Beah provides detailed accounts of his experience; a wonder how the now 27-year-old could vividly remember such past happenings. This neophyte of a writer does a good job of communicating mental imagery.  Descriptions of his first day at the battle scene are nothing compared to others he shares in the book.

He describes: “Bodies had begun to pile on top of each other near a short palm tree, where fronds dripped blood.  I searched for Josiah (a friend).  An RPG had tossed his tiny body off the ground and he had landed on a tree stump.  He wiggled his legs as his cry gradually came to an end.”
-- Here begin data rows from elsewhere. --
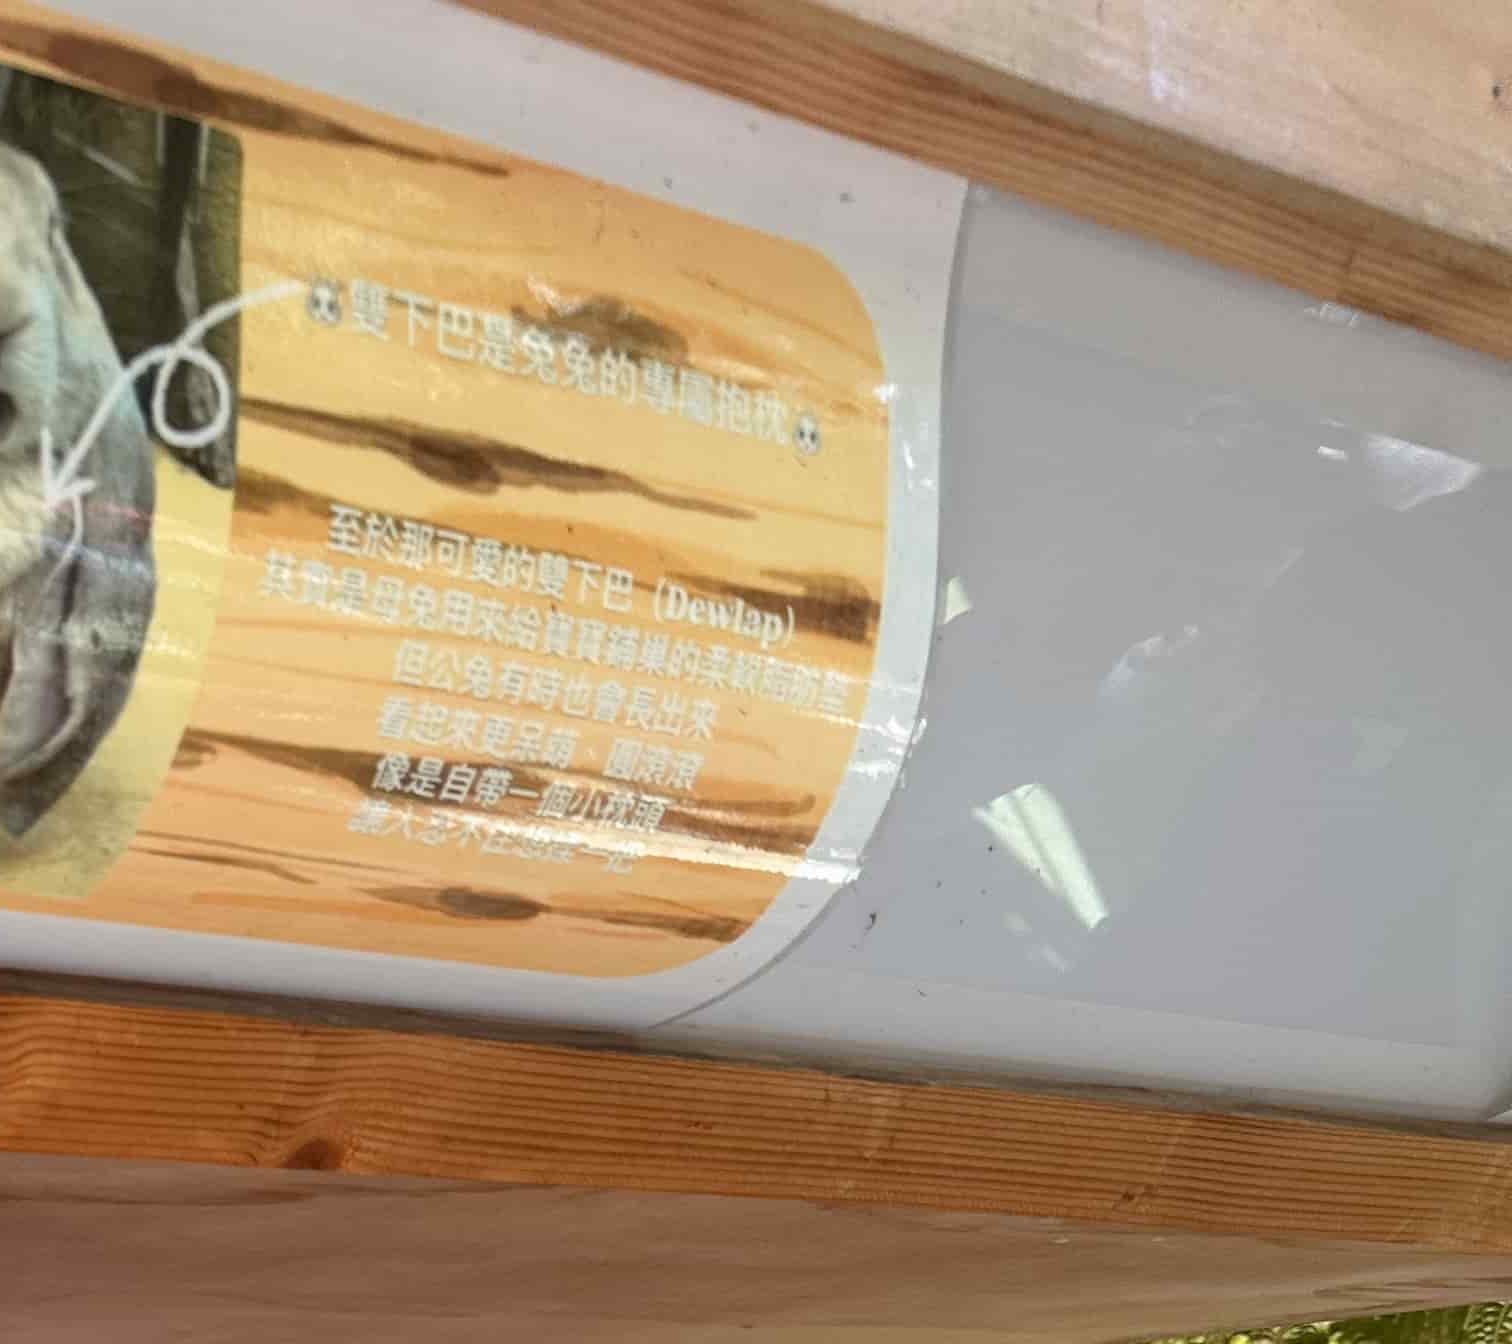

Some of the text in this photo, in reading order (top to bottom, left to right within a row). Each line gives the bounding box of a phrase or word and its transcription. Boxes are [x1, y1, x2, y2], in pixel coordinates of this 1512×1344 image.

[327, 502, 633, 613] 至於那可愛的雙下巴
[371, 751, 669, 833] 像是自帶一個小枕頭
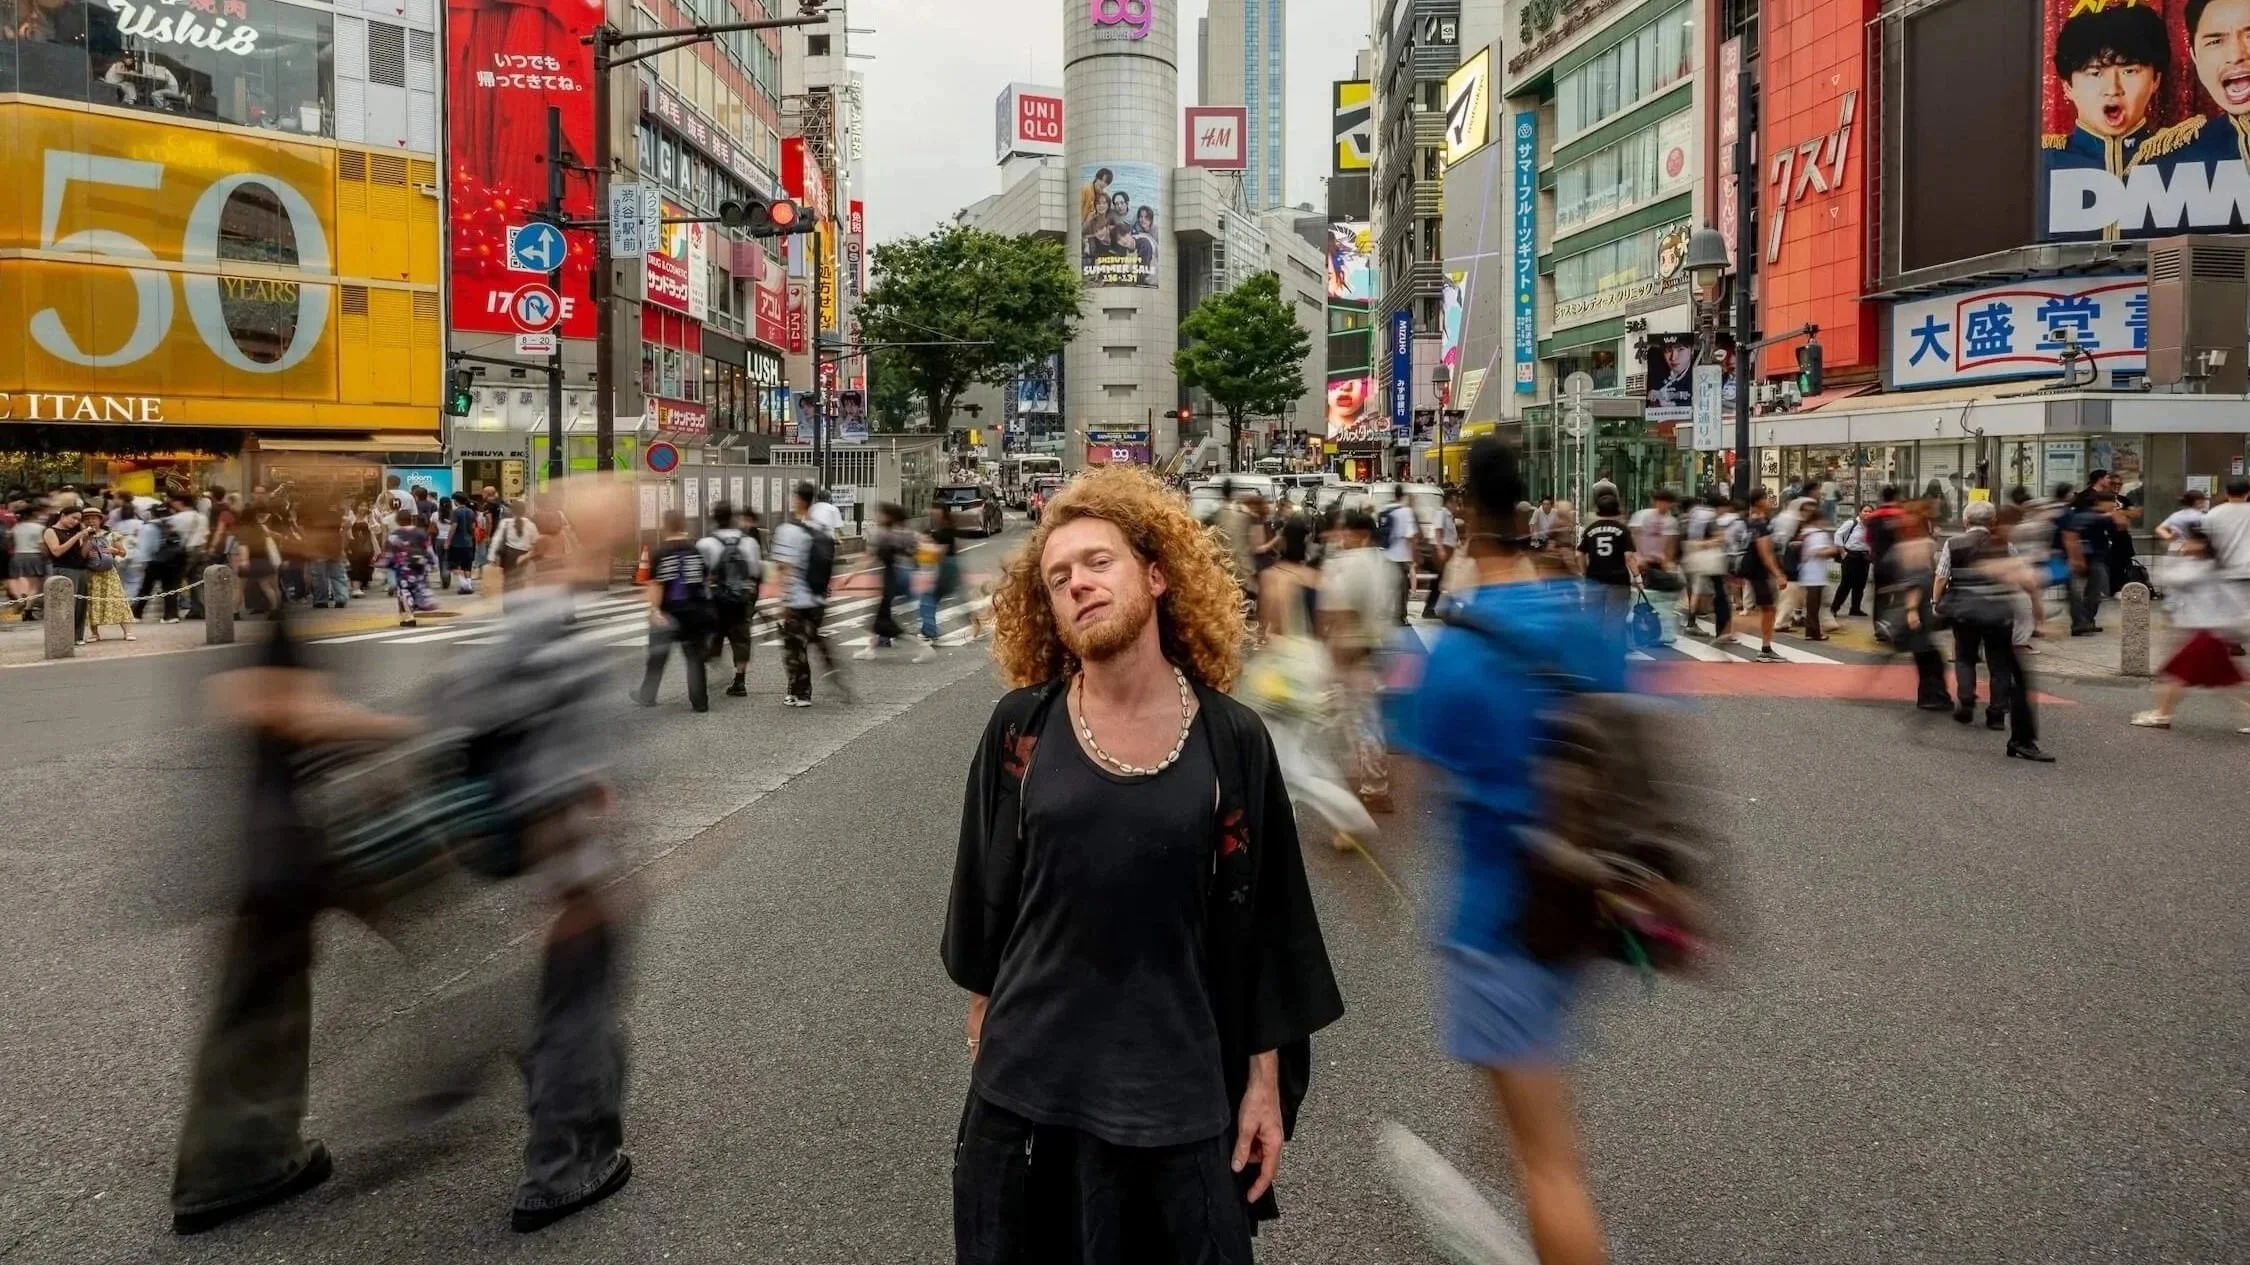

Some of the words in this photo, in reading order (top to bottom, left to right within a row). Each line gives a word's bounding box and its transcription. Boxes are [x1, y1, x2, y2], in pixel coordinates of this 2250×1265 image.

[494, 53, 560, 71] いつでも
[476, 71, 583, 92] 帰ってきてね。
[1024, 101, 1055, 119] UNI
[1024, 119, 1058, 138] QLO
[1201, 127, 1231, 148] H&M
[621, 189, 636, 252] 渋谷駅前
[1517, 143, 1532, 290] サマーフルーツギフト
[30, 148, 331, 374] 50
[1083, 264, 1129, 276] SUMMER
[1131, 264, 1157, 274] SALE
[223, 276, 298, 304] YEARS
[647, 269, 688, 301] サンドラッグ
[761, 291, 781, 321] アコム
[790, 312, 801, 340] アコム
[1399, 320, 1407, 355] MIZUHO
[747, 350, 779, 387] LUSH
[1111, 449, 1129, 462] 109
[1597, 536, 1613, 557] 5
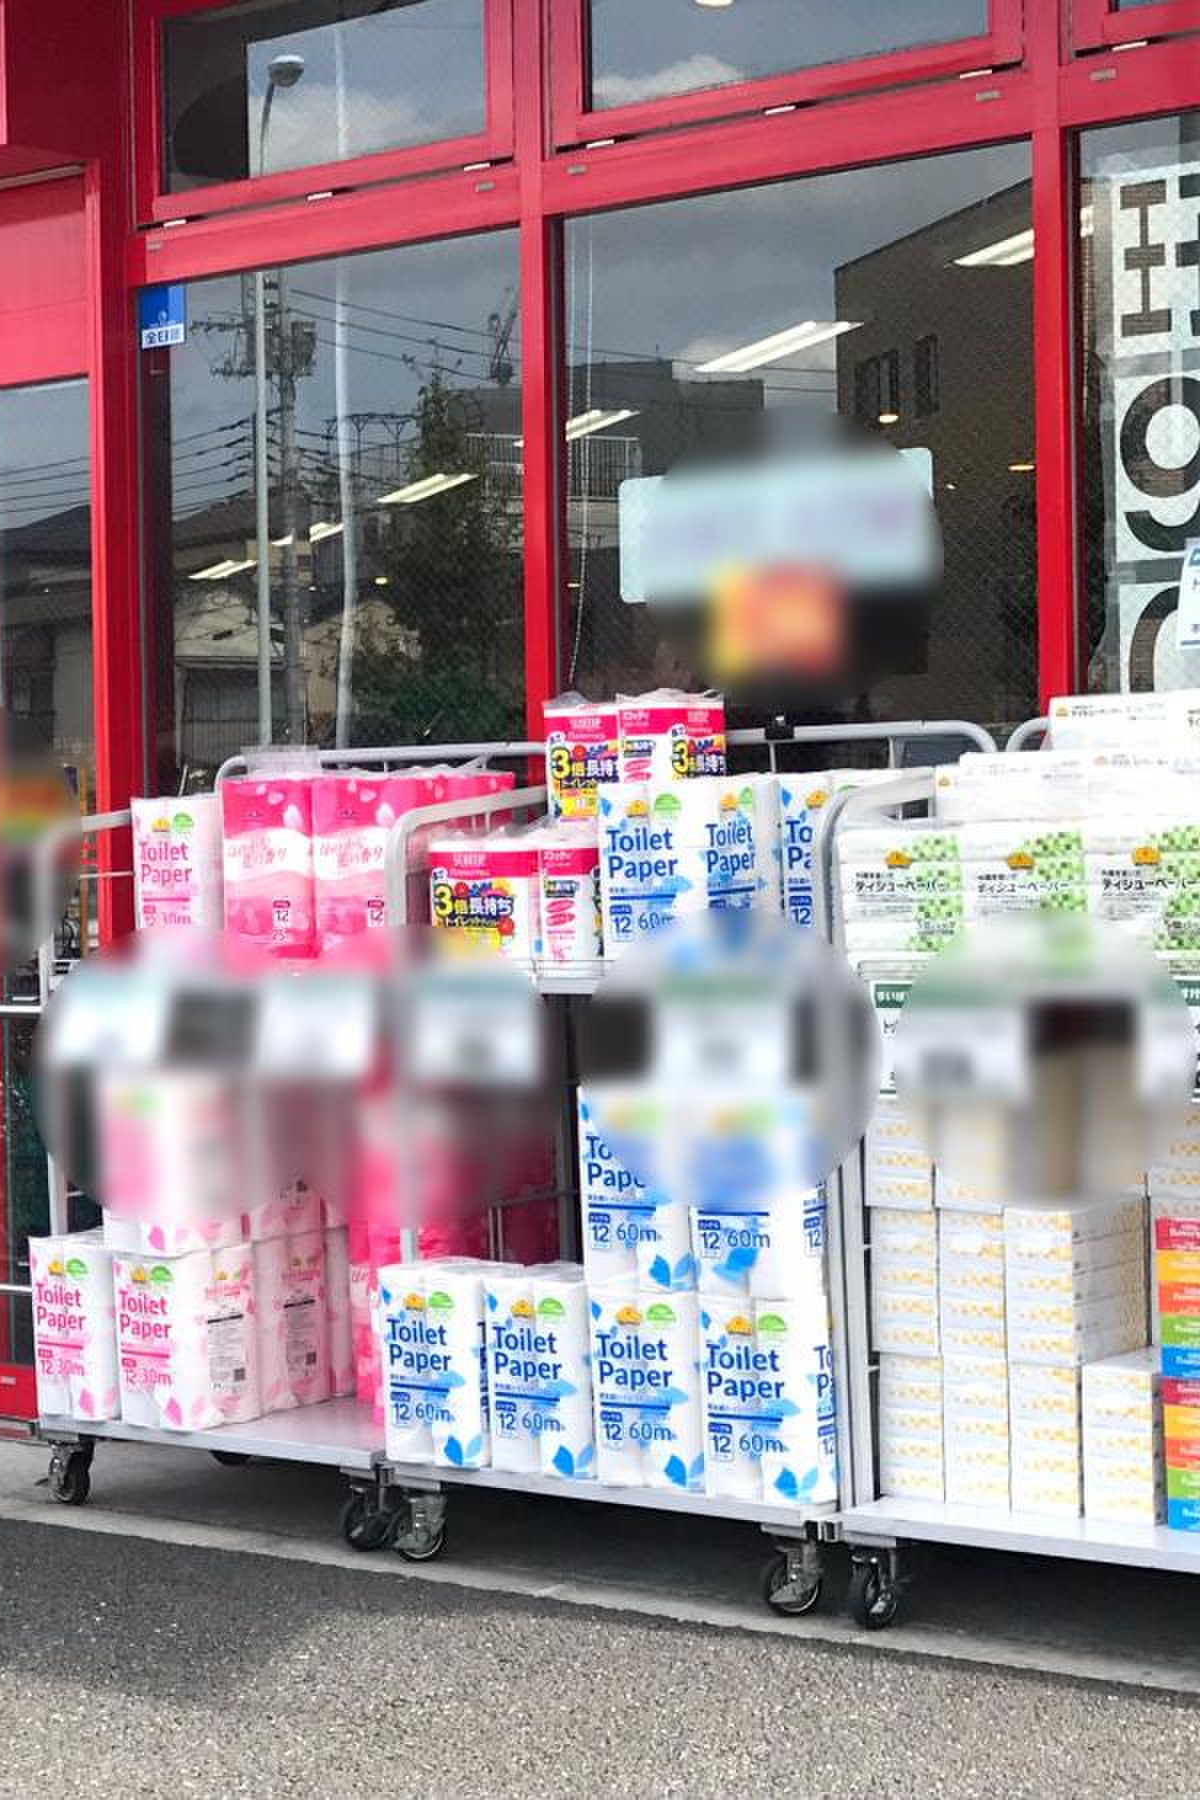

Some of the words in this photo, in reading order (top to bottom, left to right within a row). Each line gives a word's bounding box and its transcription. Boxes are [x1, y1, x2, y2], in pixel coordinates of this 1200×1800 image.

[606, 827, 674, 853] Toilet
[706, 822, 753, 848] Toilet
[139, 841, 189, 862] Toilet
[707, 848, 755, 876] Paper
[141, 864, 192, 884] Paper
[608, 856, 679, 883] Paper
[613, 917, 632, 934] 12
[793, 908, 812, 925] 12
[591, 1225, 609, 1243] 12
[702, 1233, 720, 1251] 12
[727, 1230, 771, 1249] 60m
[35, 1282, 81, 1307] Toilet
[118, 1290, 168, 1315] Toilet
[36, 1306, 87, 1332] Paper
[119, 1313, 173, 1340] Paper
[386, 1317, 447, 1346] Toilet
[492, 1325, 558, 1355] Toilet
[595, 1333, 669, 1361] Toilet
[390, 1343, 452, 1374] Paper
[494, 1352, 563, 1382] Paper
[705, 1343, 780, 1372] Toilet
[599, 1361, 673, 1391] Paper
[706, 1371, 785, 1402] Paper
[394, 1402, 411, 1421] 12
[499, 1413, 516, 1431] 12
[604, 1423, 622, 1441] 12
[712, 1435, 732, 1454] 12
[738, 1433, 785, 1453] 60m
This is a very engaging and poignant novel; from the time young innocent Beah mimed rappers at talent shows with his older brother and friends to his narrow escape from Sierra Leone to Guinea.  But after reading several pages and chapters of violent encounters, you begin to wonder how much you can take.  Envisioning humans losing their lives, a man reliving the mind of the boy he was then, recounting the horrific ways he took the lives of others with so much detail.  A very interesting part is the reader getting the chance to enter the mind of Beah and seeing the innocent boy behind all the fierceness.  It is quite disturbing knowing that these are all real events the writer alleges to have been involved in.

Sadly Beah’s story is just one of many child soldiers recruited in these brutal worthless African wars.  From his eyes we get a glimpse of a world or period in time very unfamiliar to many rolled into history, but it is still happening in places like Darfur and even Somalia.

The novel becomes somewhat of an eye-opener, to everyone about how the world, not only children, is affected by these events.